▶ _Directions_: Return every line below as is, leaving out the pictures.

▶ _Stored data_:

• • • • • • •

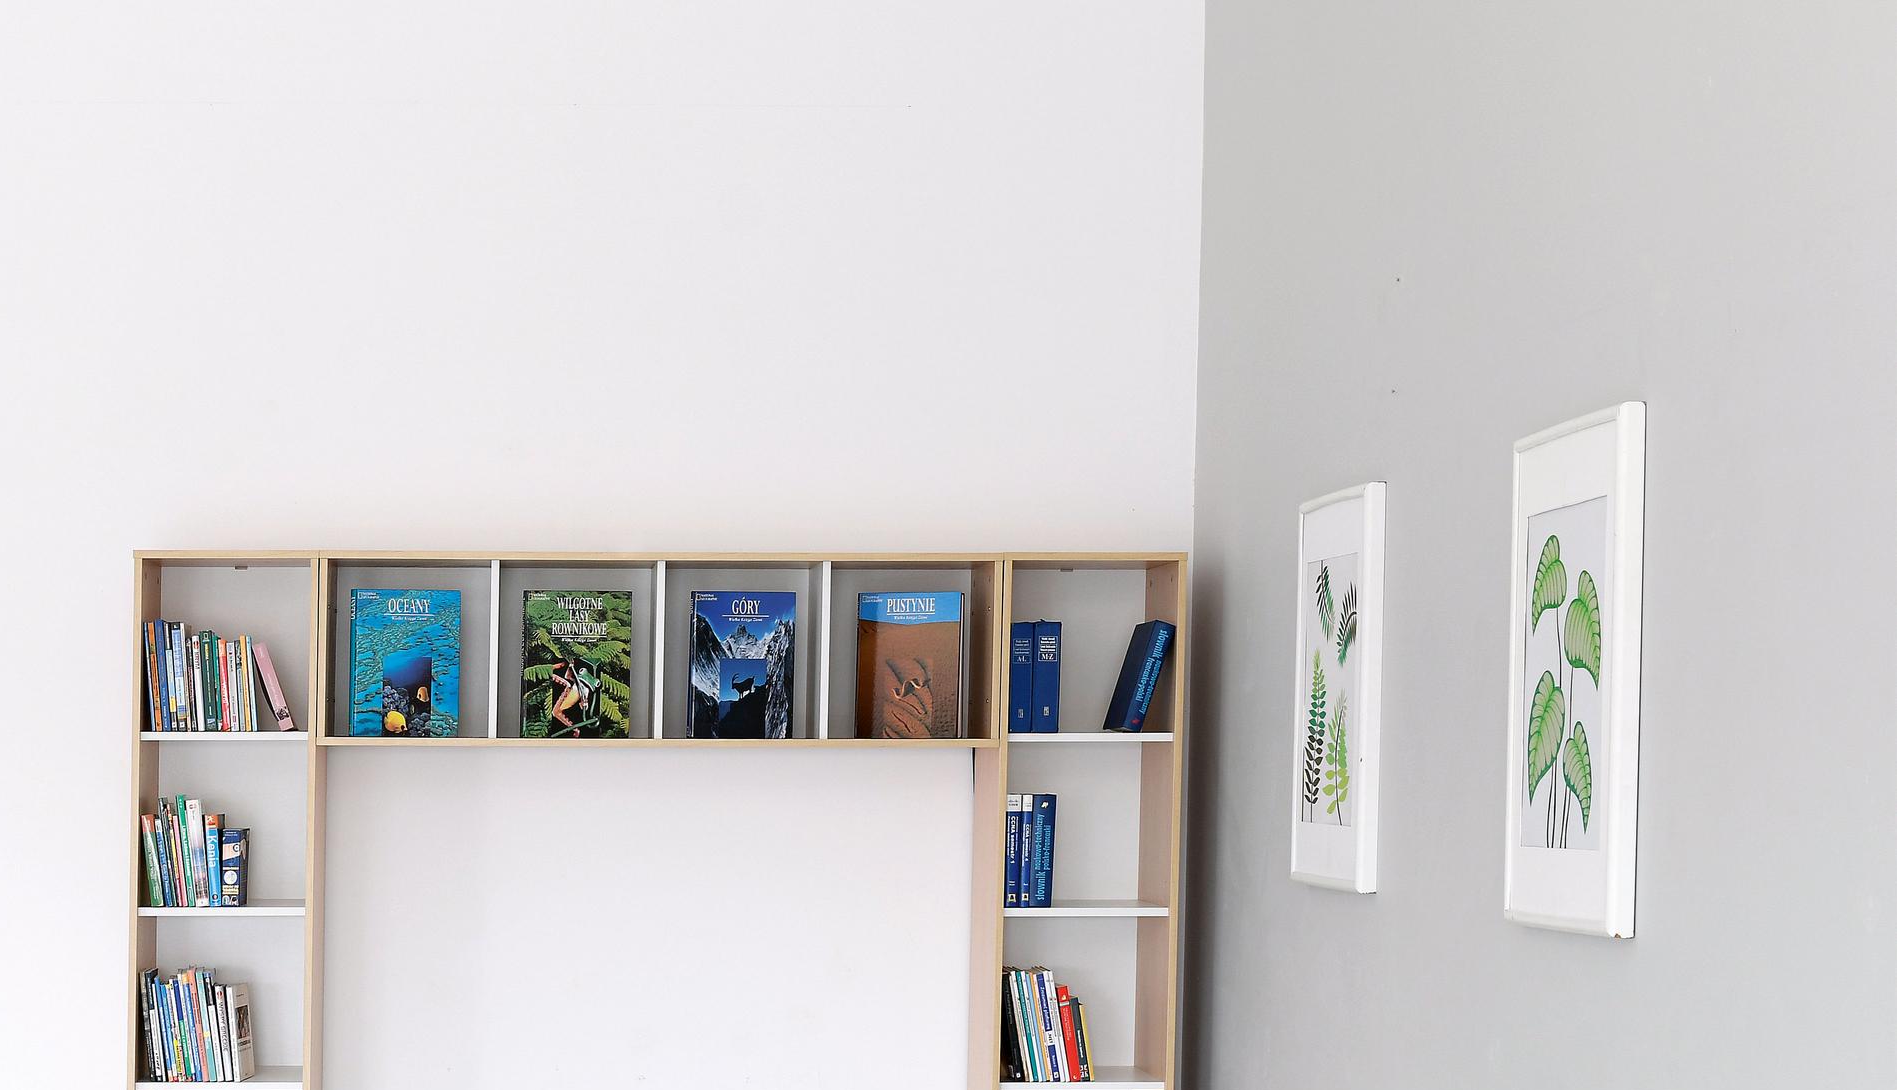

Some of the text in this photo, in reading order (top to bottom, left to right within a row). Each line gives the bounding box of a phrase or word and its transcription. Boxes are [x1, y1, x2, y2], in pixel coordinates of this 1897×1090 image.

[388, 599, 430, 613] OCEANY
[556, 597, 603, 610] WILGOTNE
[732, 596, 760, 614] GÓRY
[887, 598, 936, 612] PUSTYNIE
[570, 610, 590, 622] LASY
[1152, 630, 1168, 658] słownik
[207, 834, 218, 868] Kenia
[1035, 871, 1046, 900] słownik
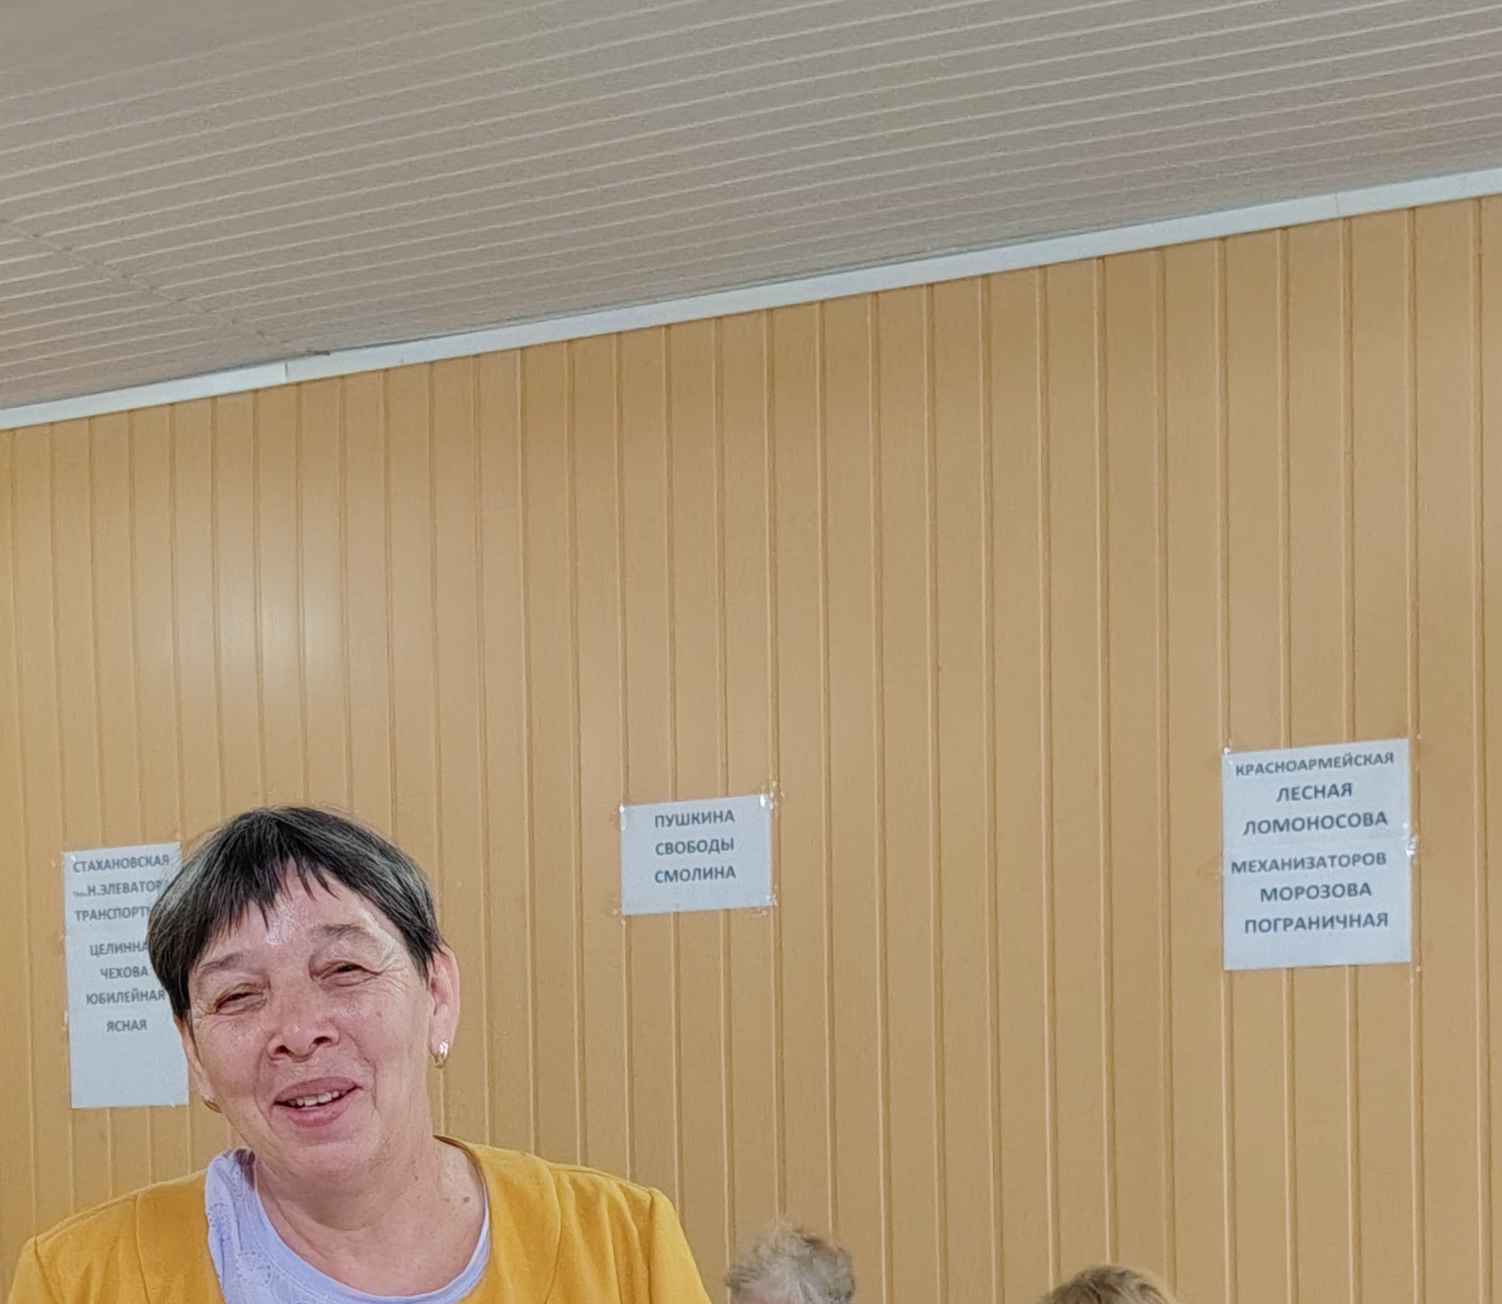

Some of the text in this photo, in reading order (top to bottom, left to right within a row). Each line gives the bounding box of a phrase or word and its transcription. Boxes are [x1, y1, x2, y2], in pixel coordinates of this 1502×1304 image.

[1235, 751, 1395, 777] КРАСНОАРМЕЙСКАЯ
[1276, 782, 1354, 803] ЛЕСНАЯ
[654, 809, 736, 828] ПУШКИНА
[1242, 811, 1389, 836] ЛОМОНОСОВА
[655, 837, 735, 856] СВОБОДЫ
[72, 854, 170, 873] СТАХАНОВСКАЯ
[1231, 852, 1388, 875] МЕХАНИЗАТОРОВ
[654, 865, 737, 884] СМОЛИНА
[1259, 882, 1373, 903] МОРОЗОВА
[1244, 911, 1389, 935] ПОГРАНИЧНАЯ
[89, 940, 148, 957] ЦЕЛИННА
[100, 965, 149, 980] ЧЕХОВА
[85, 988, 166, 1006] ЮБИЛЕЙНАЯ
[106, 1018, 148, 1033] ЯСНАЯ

• • • • • • •

▶ _The completed task_:
Some of the text in this photo, in reading order (top to bottom, left to right within a row). Each line gives the bounding box of a phrase or word and its transcription. Boxes are [x1, y1, x2, y2], in pixel coordinates of this 1897×1090 image.

[388, 599, 430, 613] OCEANY
[556, 597, 603, 610] WILGOTNE
[732, 596, 760, 614] GÓRY
[887, 598, 936, 612] PUSTYNIE
[570, 610, 590, 622] LASY
[1152, 630, 1168, 658] słownik
[207, 834, 218, 868] Kenia
[1035, 871, 1046, 900] słownik

Some of the text in this photo, in reading order (top to bottom, left to right within a row). Each line gives the bounding box of a phrase or word and its transcription. Boxes are [x1, y1, x2, y2], in pixel coordinates of this 1502×1304 image.

[1235, 751, 1395, 777] КРАСНОАРМЕЙСКАЯ
[1276, 782, 1354, 803] ЛЕСНАЯ
[654, 809, 736, 828] ПУШКИНА
[1242, 811, 1389, 836] ЛОМОНОСОВА
[655, 837, 735, 856] СВОБОДЫ
[72, 854, 170, 873] СТАХАНОВСКАЯ
[1231, 852, 1388, 875] МЕХАНИЗАТОРОВ
[654, 865, 737, 884] СМОЛИНА
[1259, 882, 1373, 903] МОРОЗОВА
[1244, 911, 1389, 935] ПОГРАНИЧНАЯ
[89, 940, 148, 957] ЦЕЛИННА
[100, 965, 149, 980] ЧЕХОВА
[85, 988, 166, 1006] ЮБИЛЕЙНАЯ
[106, 1018, 148, 1033] ЯСНАЯ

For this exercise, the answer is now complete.